Olha só, parece que os encontramos!

            Navere não conseguiu piscar. Sua respiração parou, e ele ficou completamente imóvel. Os outros levantaram a cabeça, procurando a origem da voz. Demoraram mais alguns segundos para localizá-la: mais uma vez, dentro das próprias mentes.
            Mestre.
Vejo que tiveram bastante trabalho desde que nos falamos da última vez.
            Navere deixou escorrer uma lágrima do canto do olho. Ele permanecia imóvel. Thaal parou de rezar, abaixou a mão e conseguiu se levantar.
            “QUEM VEM LÁ?!”, perguntou ele, firmemente.
            Clérigo, não adianta, vocês virão conosco.
            “MOSTRE-SE!”, gritou Thaal de volta.
            Mas se você insiste...
            De trás da árvore mais próxima saiu um illithid. Da outra, um pouco mais ao lado, saiu outro. Alguns segundos depois e mais de trinta árvores daquela parte do bosque tinham produzido illithids saindo de suas sombras.
            Além deles, uma grande quantidade de pessoas vinha caminhando na direção dos cinco, denunciada pela marcha irregular de centenas de pés pisando em folhas secas do bosque.
            Menos de um minuto depois, eles estavam rodeados por mais de duzentas criaturas. Illithids, lagartos gigantes, cultistas em robes simples, magos, magos vermelhos de Thay. Entre eles ainda havia dois uchuulons, como aquele que viram durante a fuga, e um enorme beholder. Com um olho central esbranquiçado e sua carne parecendo decrépita, apontava os tentáculos arroxeados cheios de olhos para o grupo. O corpo do beholder pairava a meio metro do chão, fazendo sua boca gigantesca e cheia de dentes afiados ter espaço para abrir ameaçadoramente. De fato, ela pendia aberta, mostrando-se pronta para atacar.

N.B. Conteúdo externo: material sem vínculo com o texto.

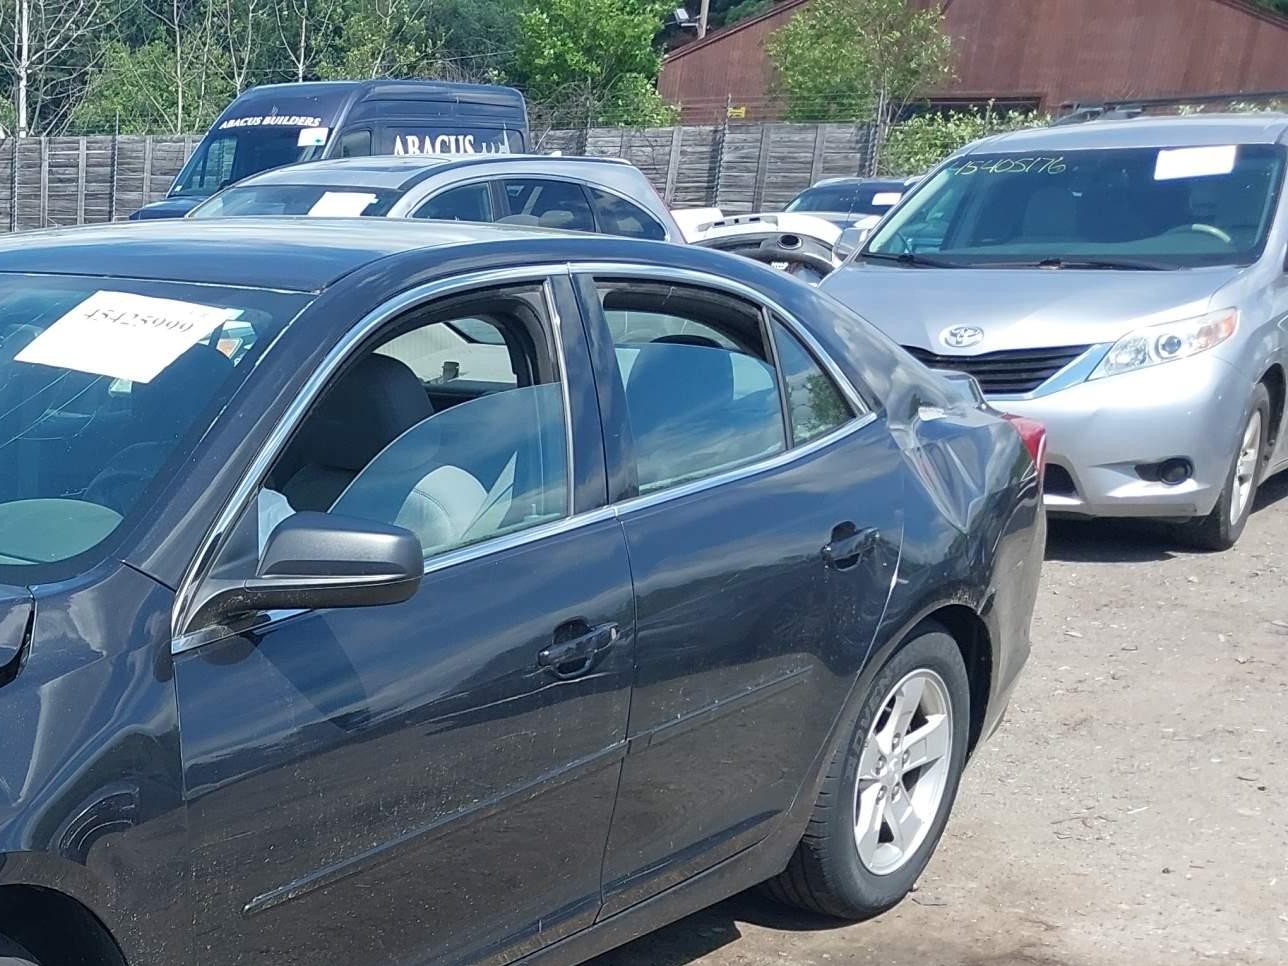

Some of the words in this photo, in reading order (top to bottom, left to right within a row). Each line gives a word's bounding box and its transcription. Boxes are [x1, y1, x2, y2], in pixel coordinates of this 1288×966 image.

[219, 116, 263, 129] ABACUS
[262, 115, 321, 127] BUILDERS
[394, 134, 476, 154] ABACUS
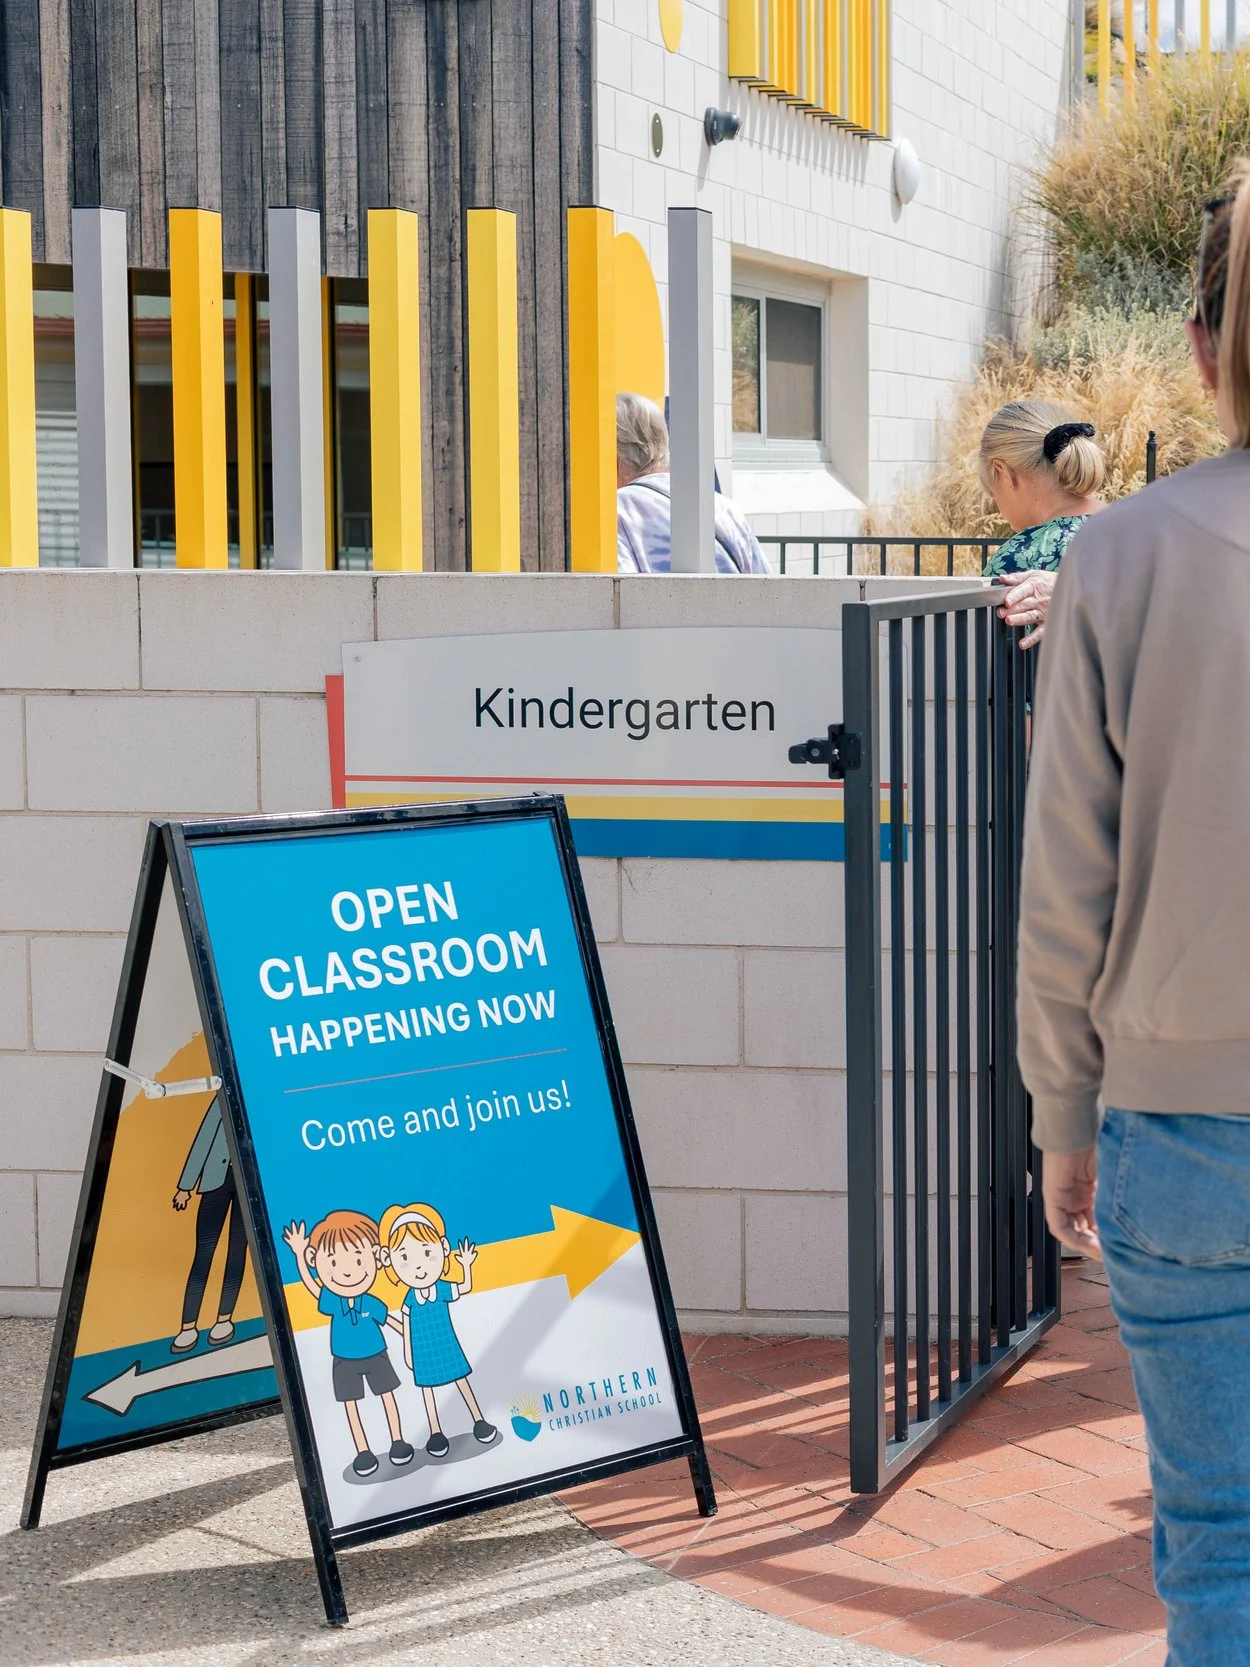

            Vocês ainda estão atrapalhando muito... teremos que levá-los. Se vocês tivessem se comportado, isso não teria que acontecer.

            Nenhum deles conseguia se mexer. Mestre parecia tocar fundo em suas mentes, tornando-os incapazes de reagir. Apesar disso, Navere tentava, com todas as forças, estender o braço para dentro de sua bolsa.
            Ele conseguiu murmurar alguma coisa. Os outros conseguiram ouvir dentro de suas mentes, por causa do elo mental catalisado por Mestre.
            “Que vocês todos morram.”, disse Navere.
            De forma completamente inesperada, aquelas centenas de pessoas começaram a avançar na direção deles. Mestre não pronunciou mais nada, mas a fúria pôde ser sentida nas mentes de todos. Era como se todos eles ali, inclusive os cultistas, monstros e até animais do bosque fossem um só. Sentiam em Mestre e em todos a vontade visceral de que eles fossem dilacerados, comidos vivos por todos aqueles monstros aberrantes.
            O beholder avançou mais rápido do que todos, e estava muito próximo. O cheiro de sua carne podre chegava aos narizes deles. Um de seus tentáculos se projetou na direção deles. Um raio vermelho atingiu o chão perto dos pés de Navere, mas isso não o impediu. Uma grande quantidade de setas e flechas foram atiradas na direção deles. Como os atacantes se moviam, nenhuma delas teve mira suficiente para acertá-los.
            O bardo retirou de sua bolsa o pergaminho. Em voz alta, leu a magia, sentindo Mestre e todos os outros ficarem mais e mais enfurecidos a cada palavra proferida.
            Sentiu o bafo do beholder tocar-lhe a face no último instante.

            Então, tudo ficou em silêncio.